Позвали Витека, ксендз дал ему злотый и велел вечерком принести аиста. Витек разревелся и сейчас же по уходе ксендза унес аиста в хлев и там ревел почти до вечера, так что Борыне пришлось унимать его ремнем, после чего он повторил ему приказ отнести птицу. Пришлось мальчику покориться, но сердце у него щемило от горя и жалости, он даже боль от ремня не особенно почувствовал, ходил как потерянный с опухшими глазами и каждую свободную минуту убегал в хлев к аисту, обнимал его и целовал, заливаясь горькими слезами.

Когда смерклось и ксендз вернулся из деревни к себе в плебанию, Витек укутал аиста своим кафтаном, чтобы защитить его от мороза, и они вдвоем с Юзей (так как птица была тяжелая) понесли его в дом ксендза. Всю дорогу оба плакали, а Лапа бежал за ними и лаял – тоже как-то жалобно.

Чем дольше раздумывал Борына над словами ксендза и его искренними уверениями, тем веселее и спокойнее становился, и мало-помалу, незаметно менялось его обращение с Ягусей.

Казалось, все теперь было, как прежде, до того вечера в корчме. Но уже не вернулись в дом прежний веселый шум, мирная жизнь, спокойное и глубокое взаимное доверие.

Бывает так с надтреснутым горшком: хоть он на вид и совершенно цел, а пропускает воду в каком-то месте, где трещины и на свет не разглядишь.

Вот и в доме Борыны сквозь это видимое примирение какими-то невидимыми щелочками просачивалось затаенное недоверие, горечь, несколько утратившая остроту, но еще живая, и подозрения, которых ничем нельзя было убить.

Несмотря на искренние усилия, старик не мог победить своего недоверия и почти невольно следил за каждым шагом Ягны.
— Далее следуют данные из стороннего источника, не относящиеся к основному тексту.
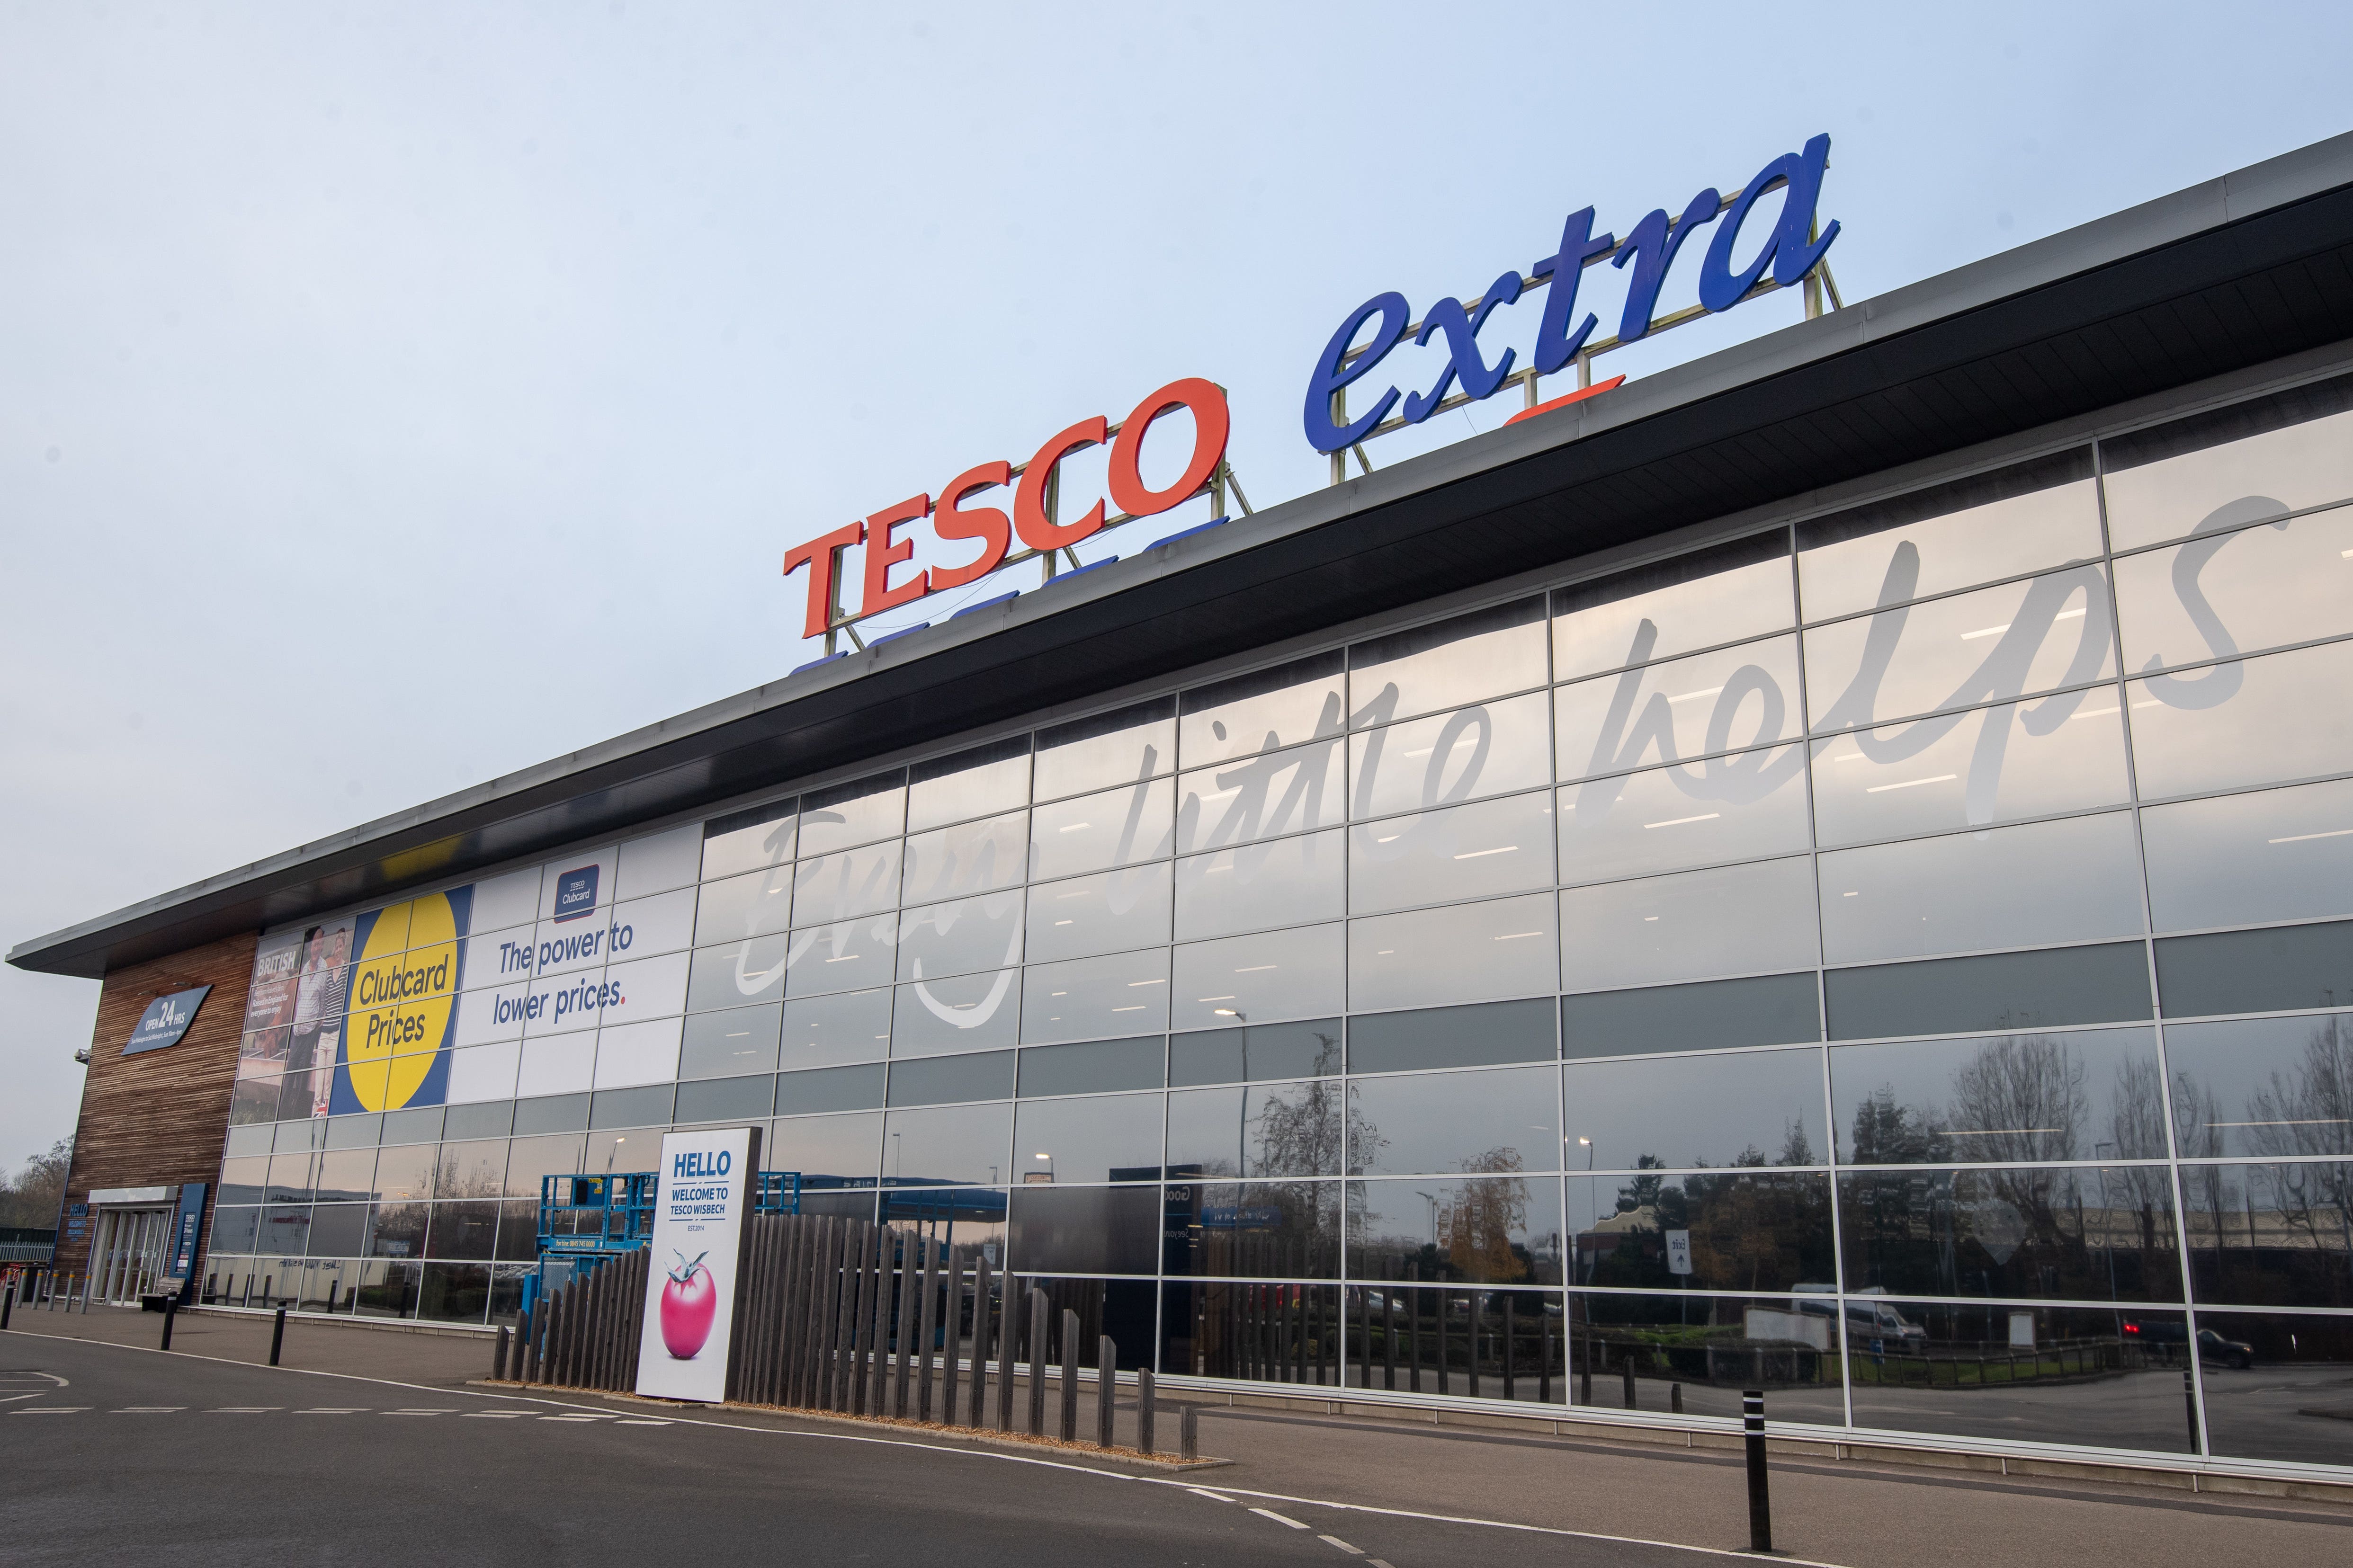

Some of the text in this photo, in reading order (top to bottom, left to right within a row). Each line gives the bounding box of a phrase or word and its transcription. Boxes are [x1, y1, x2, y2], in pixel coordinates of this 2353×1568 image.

[783, 133, 1841, 639] TESCO extra
[735, 495, 2292, 1028] Every little helps
[563, 888, 590, 904] Clubcard
[570, 880, 585, 890] TESCO
[500, 920, 633, 975] The power to
[257, 951, 296, 977] BRITISH
[359, 953, 449, 1005] Clubcard
[251, 1009, 267, 1017] everyone
[271, 1005, 282, 1014] enjoy
[253, 998, 264, 1007] Raised
[268, 994, 283, 1005] England
[493, 977, 626, 1025] lower prices.
[145, 1000, 186, 1031] OPEN 24 HRS
[366, 1009, 426, 1049] Prices
[673, 1150, 731, 1177] HELLO
[672, 1187, 728, 1201] WELCOME TO
[70, 1204, 88, 1216] HELLO
[671, 1204, 725, 1215] TESCO WISBECH
А она ни на мгновение не забывала его прежней суровости и злых слов и, не имея возможности никуда убежать от его пытливых, стерегущих глаз, жаждала отомстить ему.
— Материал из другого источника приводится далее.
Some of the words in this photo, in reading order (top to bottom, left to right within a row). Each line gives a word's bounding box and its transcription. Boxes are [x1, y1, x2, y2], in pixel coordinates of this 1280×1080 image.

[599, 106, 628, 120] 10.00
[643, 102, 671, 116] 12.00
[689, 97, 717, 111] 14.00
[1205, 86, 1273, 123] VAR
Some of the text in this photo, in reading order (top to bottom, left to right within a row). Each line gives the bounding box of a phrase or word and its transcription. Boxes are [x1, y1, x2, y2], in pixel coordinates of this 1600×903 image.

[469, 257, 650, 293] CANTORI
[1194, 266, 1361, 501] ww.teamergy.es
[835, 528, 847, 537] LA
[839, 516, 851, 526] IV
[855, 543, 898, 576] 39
Может быть, именно за то, что он зорко стерег ее, не доверял ей, она возненавидела его еще больше, и ее все сильнее тянуло к Антеку. Она научилась ловко обманывать старика и каждые два-три дня встречалась с Антеком на сеновале. Помогал им в этом Витек, который из-за аиста окончательно невзлюбил хозяина и привязался к Ягне, тем более что она его теперь старалась кормить получше. Да и от Антека ему часто перепадали кое-какие гроши. Но больше всего помогала им Ягустинка. Она сумела вкрасться в доверие и к Ягне и к Антеку, и без ее помощи у них просто не было бы возможности видеться. Она передавала им вести друг от друга, она была на страже и оберегала их от всяких неожиданностей. И все это она делала только оттого, что была зла на весь свет. Она мстила другим за свое унижение и несчастья. Она в сущности терпеть не могла и Ягну и Антека, но еще больше – Борыну, как и всех богатеев в деревне, за то, что у них все есть, а у нее нет ни своего угла, ни куска хлеба. Впрочем, она над бедняками насмехалась еще больше, чем над богатыми.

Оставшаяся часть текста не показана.